> [Your assignment]: Leaving out all pictures, write out word for word the lines from the one containing "Some of the words" to the end of the data below.

▬▬▬

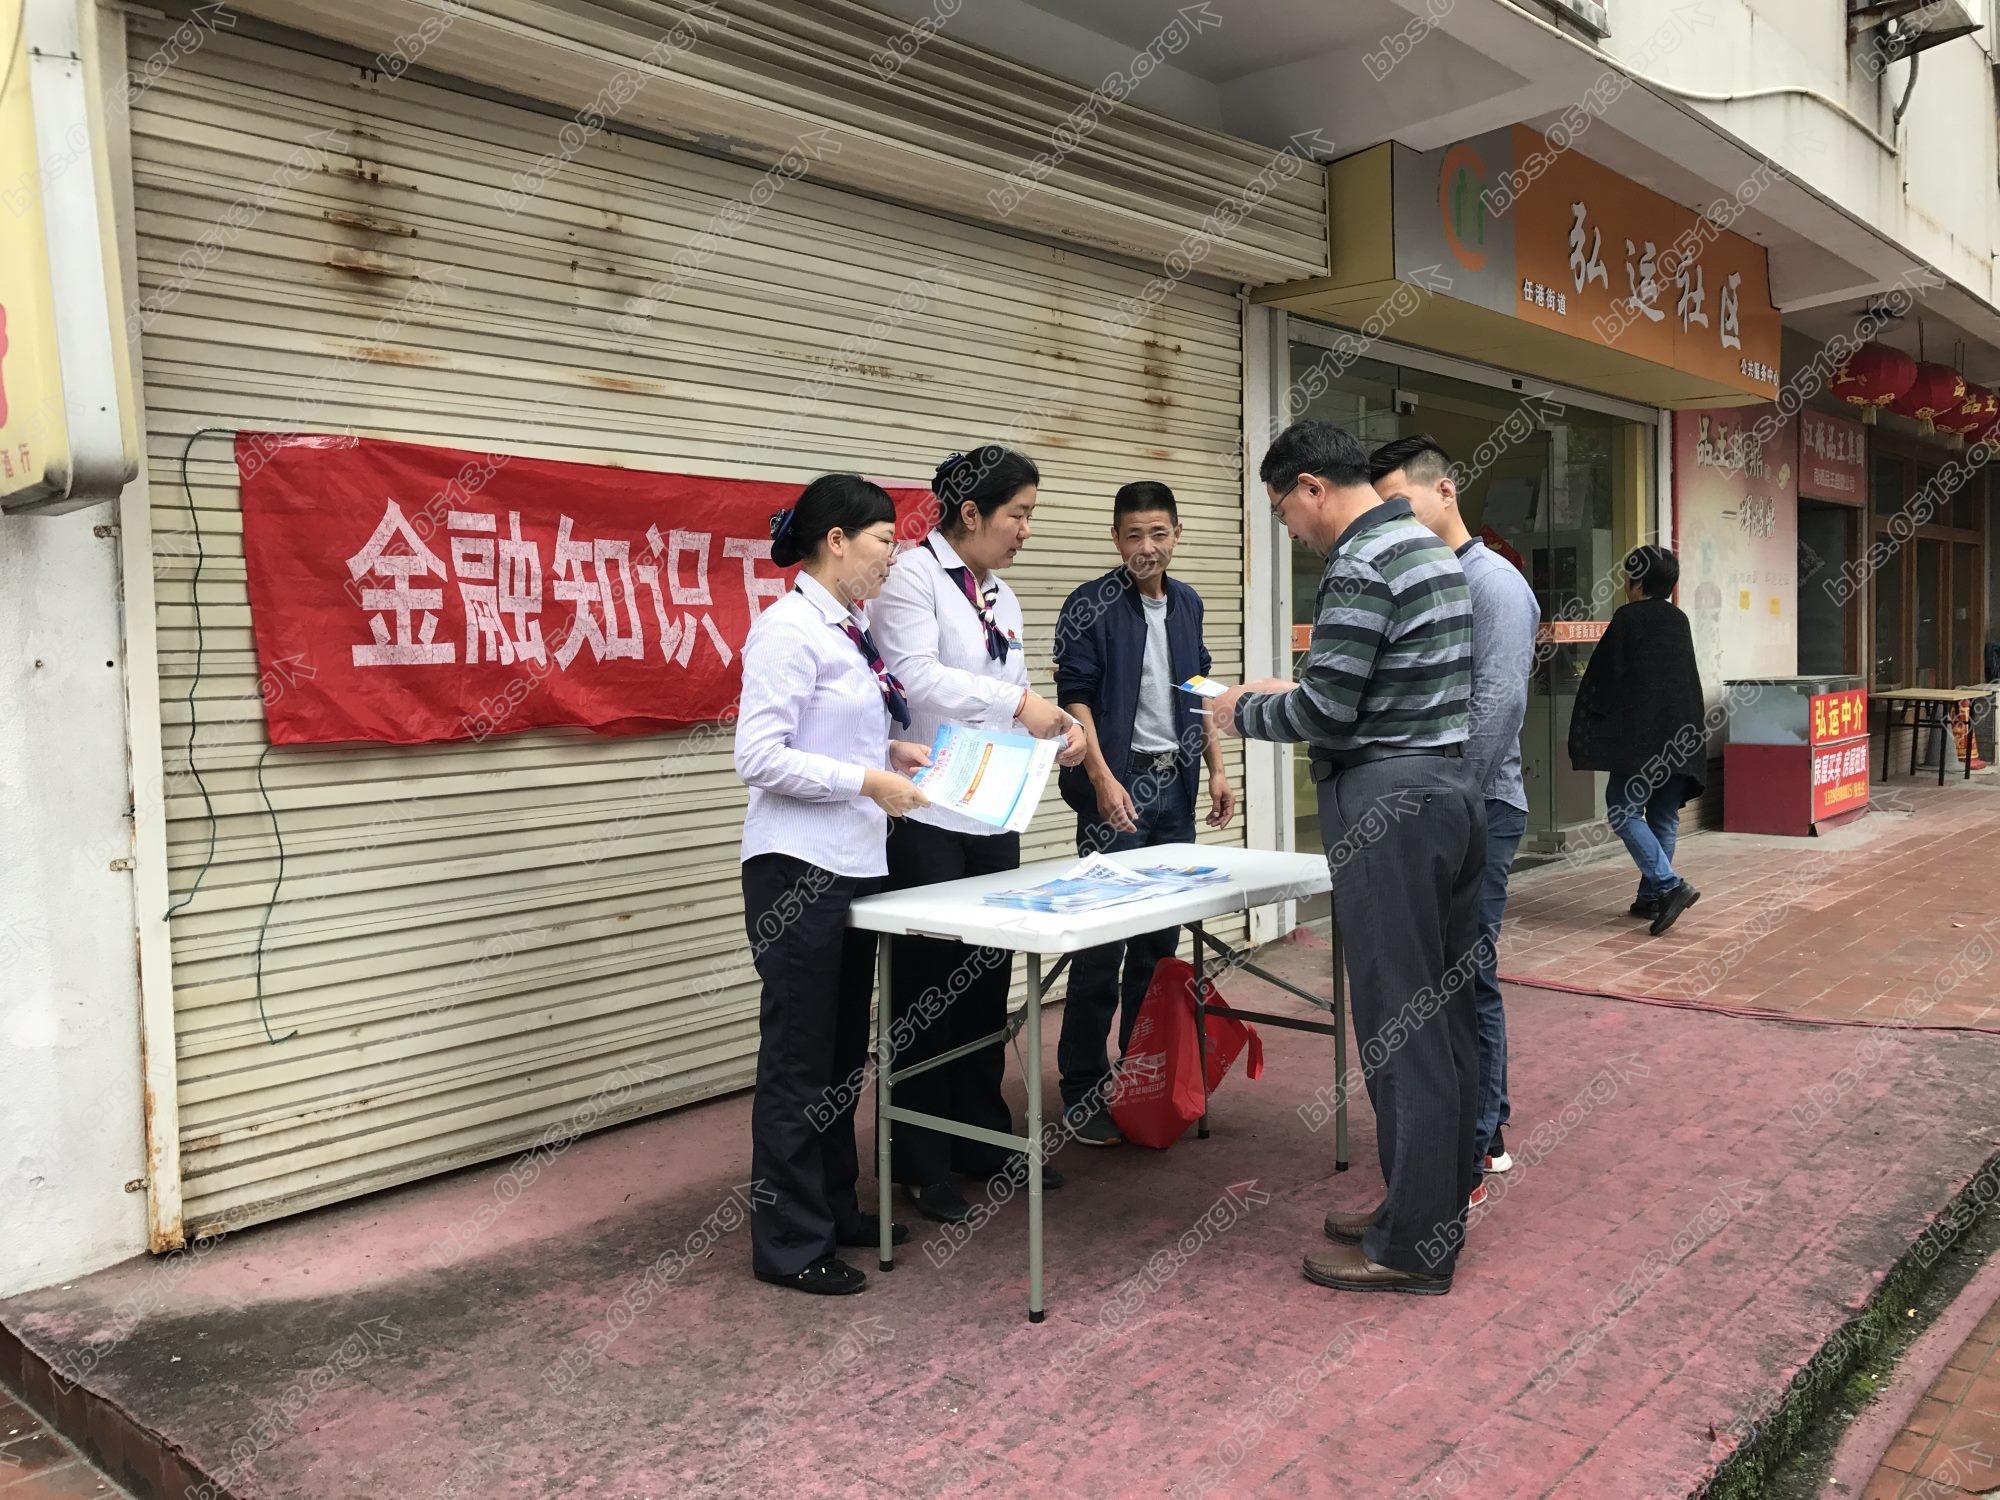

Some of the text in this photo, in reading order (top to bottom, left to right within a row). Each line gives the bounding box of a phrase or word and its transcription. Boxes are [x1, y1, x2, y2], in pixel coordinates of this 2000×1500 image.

[1522, 277, 1567, 316] 任港街道
[1740, 358, 1780, 387] 公共服务中心
[1815, 694, 1864, 740] 弘运中介
[1813, 744, 1867, 787] 房屋买卖 房屋租赁
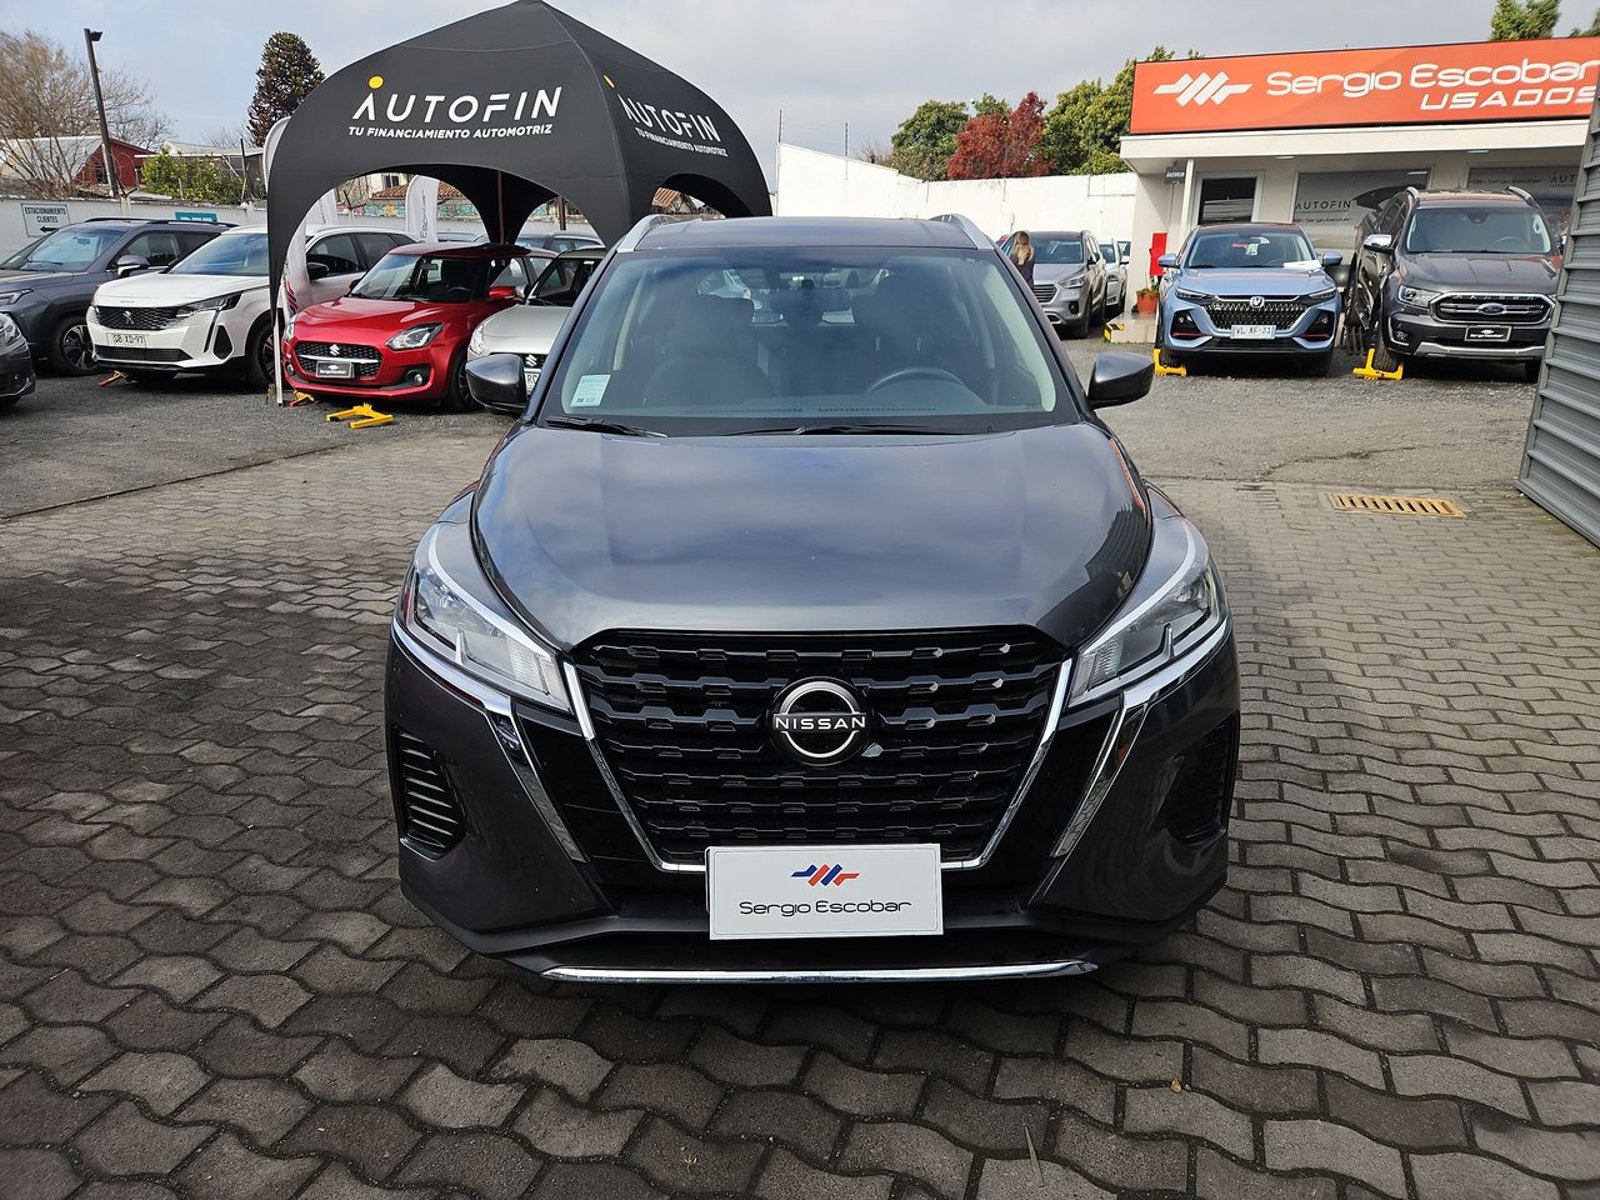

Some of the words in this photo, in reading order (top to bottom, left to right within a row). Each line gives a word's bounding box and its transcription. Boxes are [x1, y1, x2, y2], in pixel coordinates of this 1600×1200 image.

[1266, 70, 1402, 98] Sergio
[1409, 58, 1600, 89] Escobar
[352, 86, 562, 123] AUTOFIN
[1419, 85, 1597, 111] USADOS
[617, 93, 721, 142] AUTOFIN
[348, 126, 365, 137] TU
[367, 127, 471, 139] FINANCIAMIENTO
[473, 124, 553, 138] AUTOMOTRIZ
[24, 206, 67, 216] ESTACIONAMIENTO
[1295, 200, 1351, 210] AUTOFIN
[36, 215, 59, 223] CLIENTES
[775, 716, 866, 730] NISSAN
[739, 900, 811, 917] Sergio
[815, 899, 912, 914] Escobar
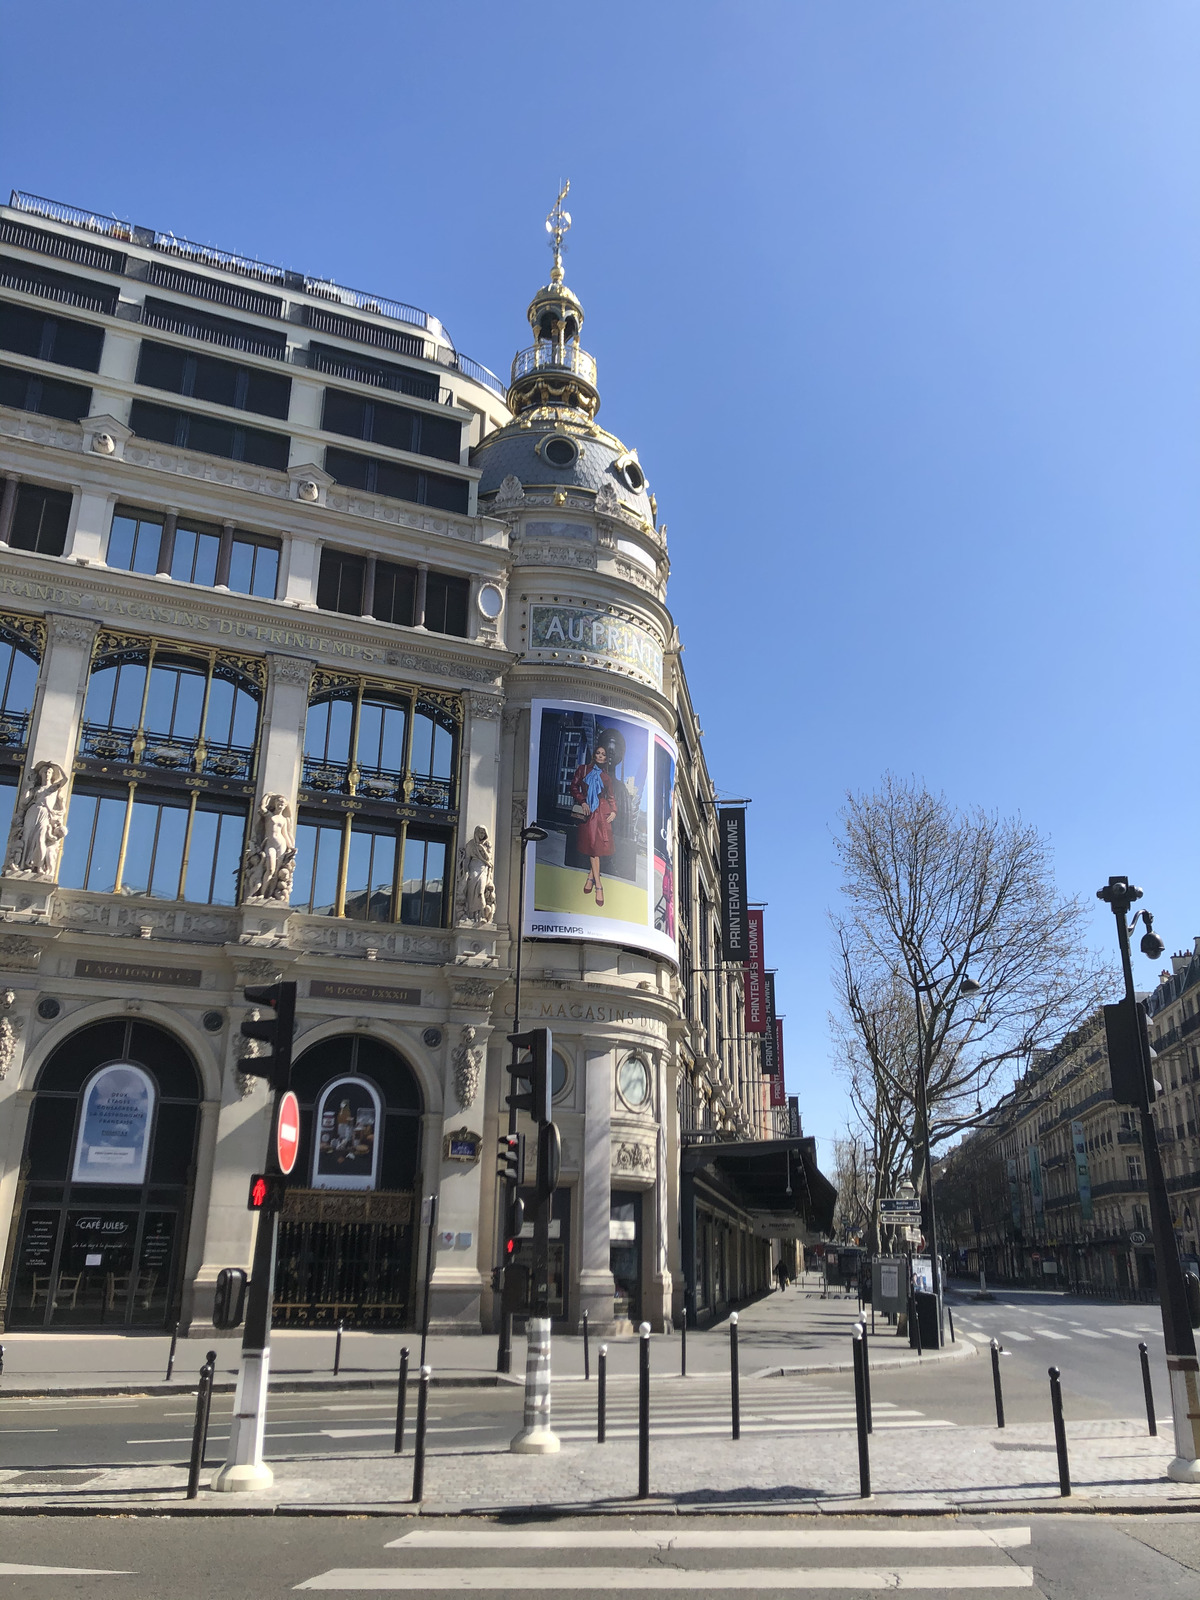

▬▬▬

> [Reply to the task]:
Some of the words in this photo, in reading order (top to bottom, left to right within a row). Each line gives a word's bounding box and its transcription. Boxes are [x1, y1, x2, y2], in pixel coordinates of this 1600×1200 image.

[1266, 70, 1402, 98] Sergio
[1409, 58, 1600, 89] Escobar
[352, 86, 562, 123] AUTOFIN
[1419, 85, 1597, 111] USADOS
[617, 93, 721, 142] AUTOFIN
[348, 126, 365, 137] TU
[367, 127, 471, 139] FINANCIAMIENTO
[473, 124, 553, 138] AUTOMOTRIZ
[24, 206, 67, 216] ESTACIONAMIENTO
[1295, 200, 1351, 210] AUTOFIN
[36, 215, 59, 223] CLIENTES
[775, 716, 866, 730] NISSAN
[739, 900, 811, 917] Sergio
[815, 899, 912, 914] Escobar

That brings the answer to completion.